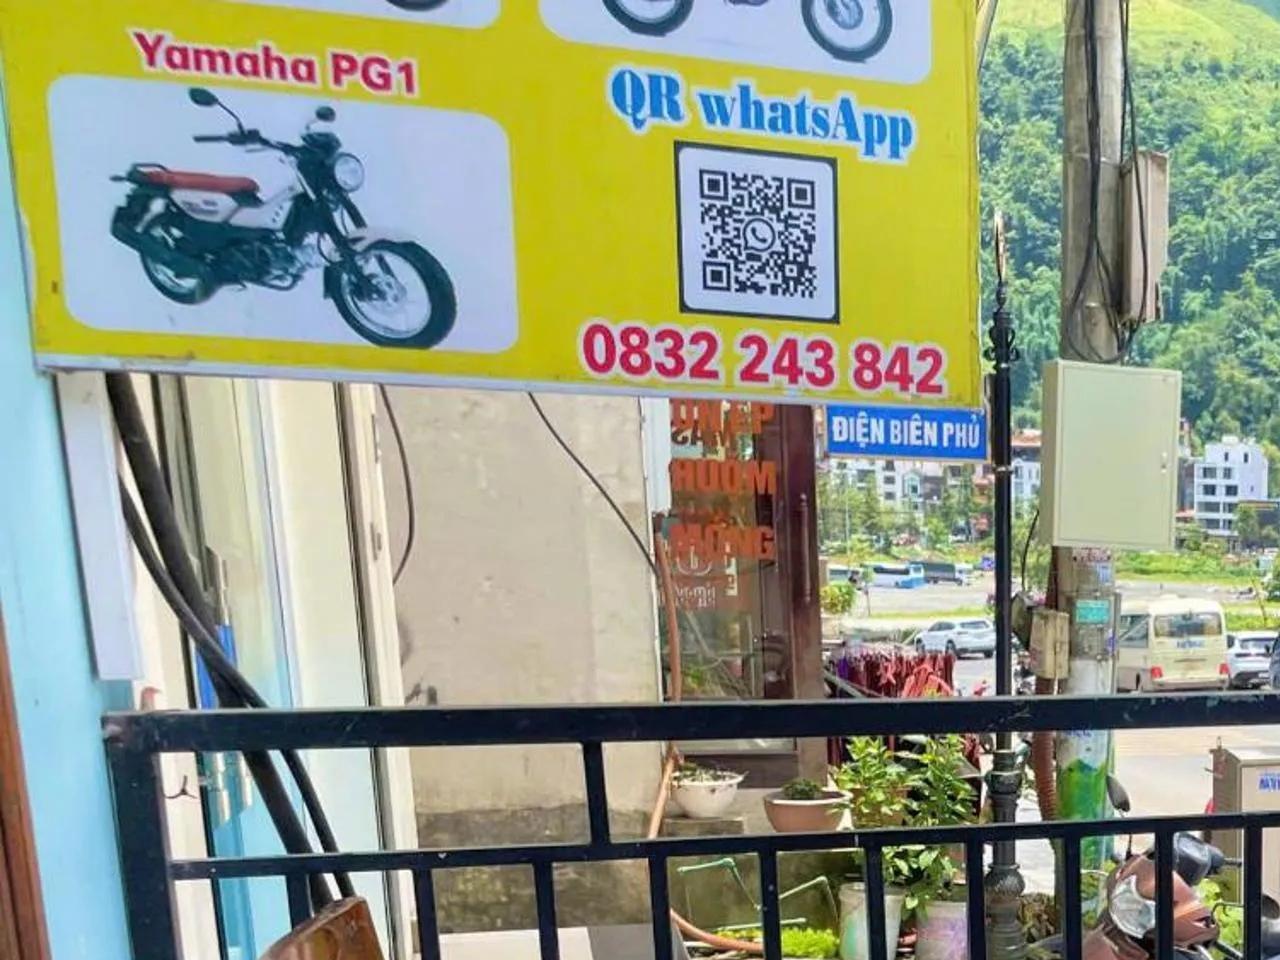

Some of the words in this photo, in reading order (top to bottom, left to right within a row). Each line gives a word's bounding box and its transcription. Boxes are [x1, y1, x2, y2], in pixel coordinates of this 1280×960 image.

[134, 31, 317, 83] Yamaha
[330, 52, 415, 93] PG1
[610, 69, 683, 129] QR
[697, 84, 913, 159] whatsApp
[582, 324, 719, 380] 0832
[739, 335, 835, 387] 243
[853, 343, 943, 394] 842
[832, 411, 884, 448] ĐIỆN
[890, 413, 937, 447] BIÊN
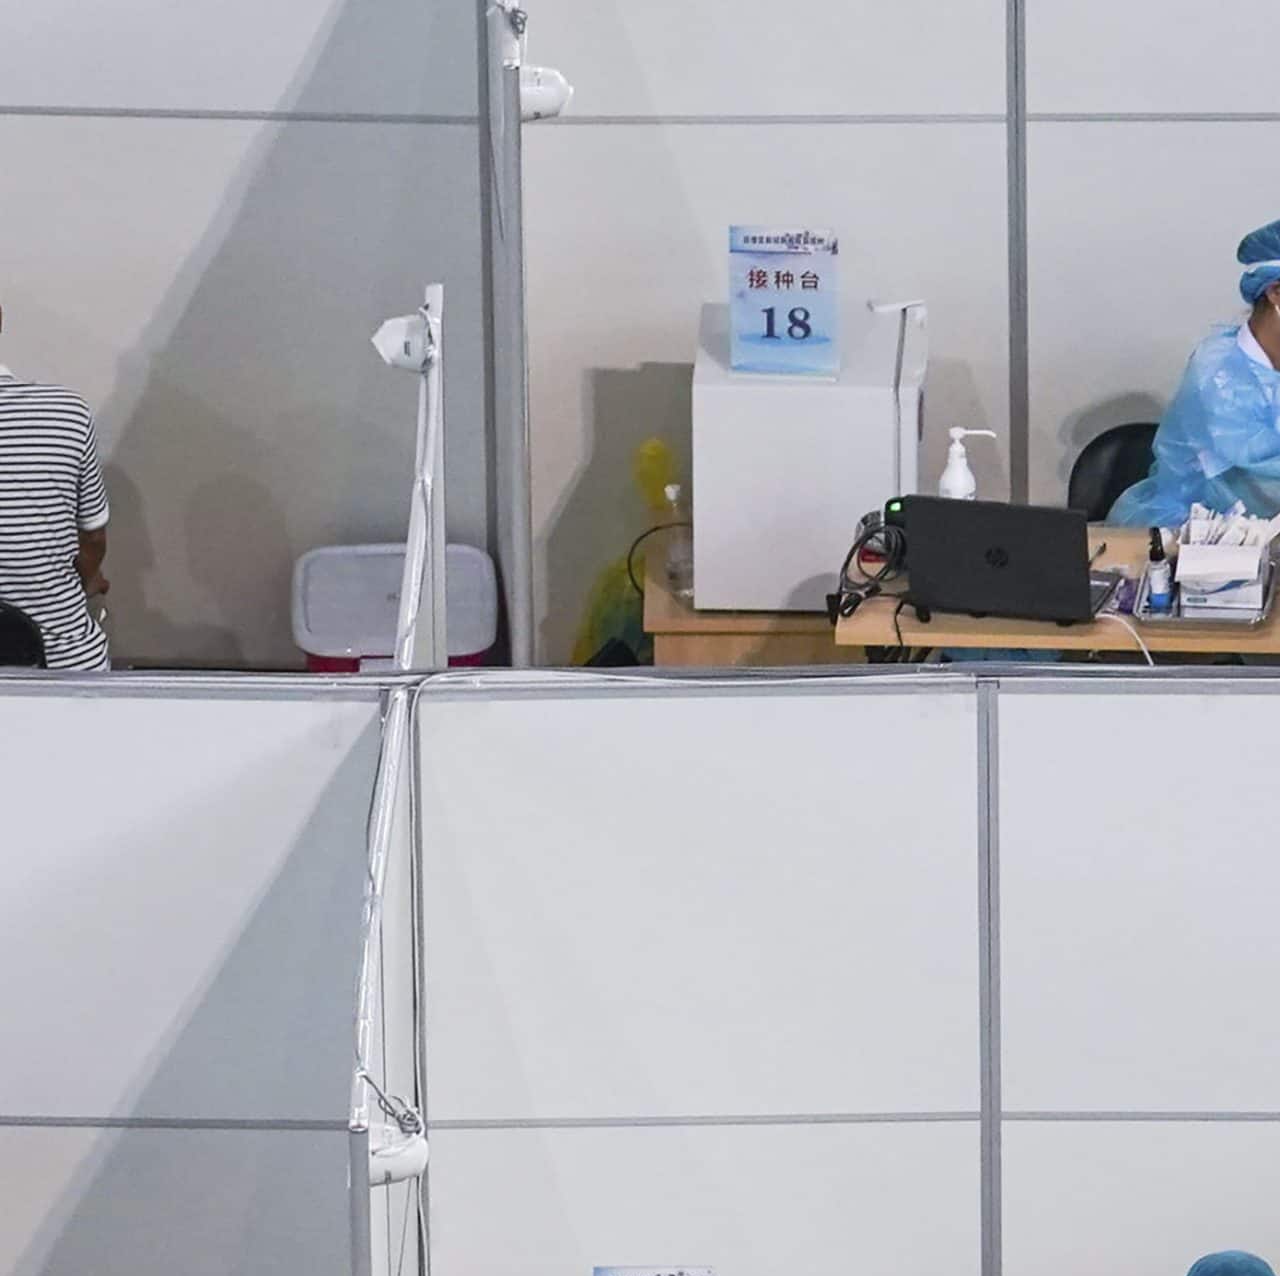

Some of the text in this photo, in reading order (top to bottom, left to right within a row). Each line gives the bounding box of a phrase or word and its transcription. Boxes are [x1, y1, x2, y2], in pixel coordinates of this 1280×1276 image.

[749, 269, 820, 290] 接种台
[761, 306, 812, 341] 18

◆ GOAL OF THE EXERCISE:
Your answer should be the lines from the one containing "Some of the text" to the end of the entries above, restated exactly and alone.

◆ EXERCISE RESPONSE:
Some of the text in this photo, in reading order (top to bottom, left to right within a row). Each line gives the bounding box of a phrase or word and its transcription. Boxes are [x1, y1, x2, y2], in pixel coordinates of this 1280×1276 image.

[749, 269, 820, 290] 接种台
[761, 306, 812, 341] 18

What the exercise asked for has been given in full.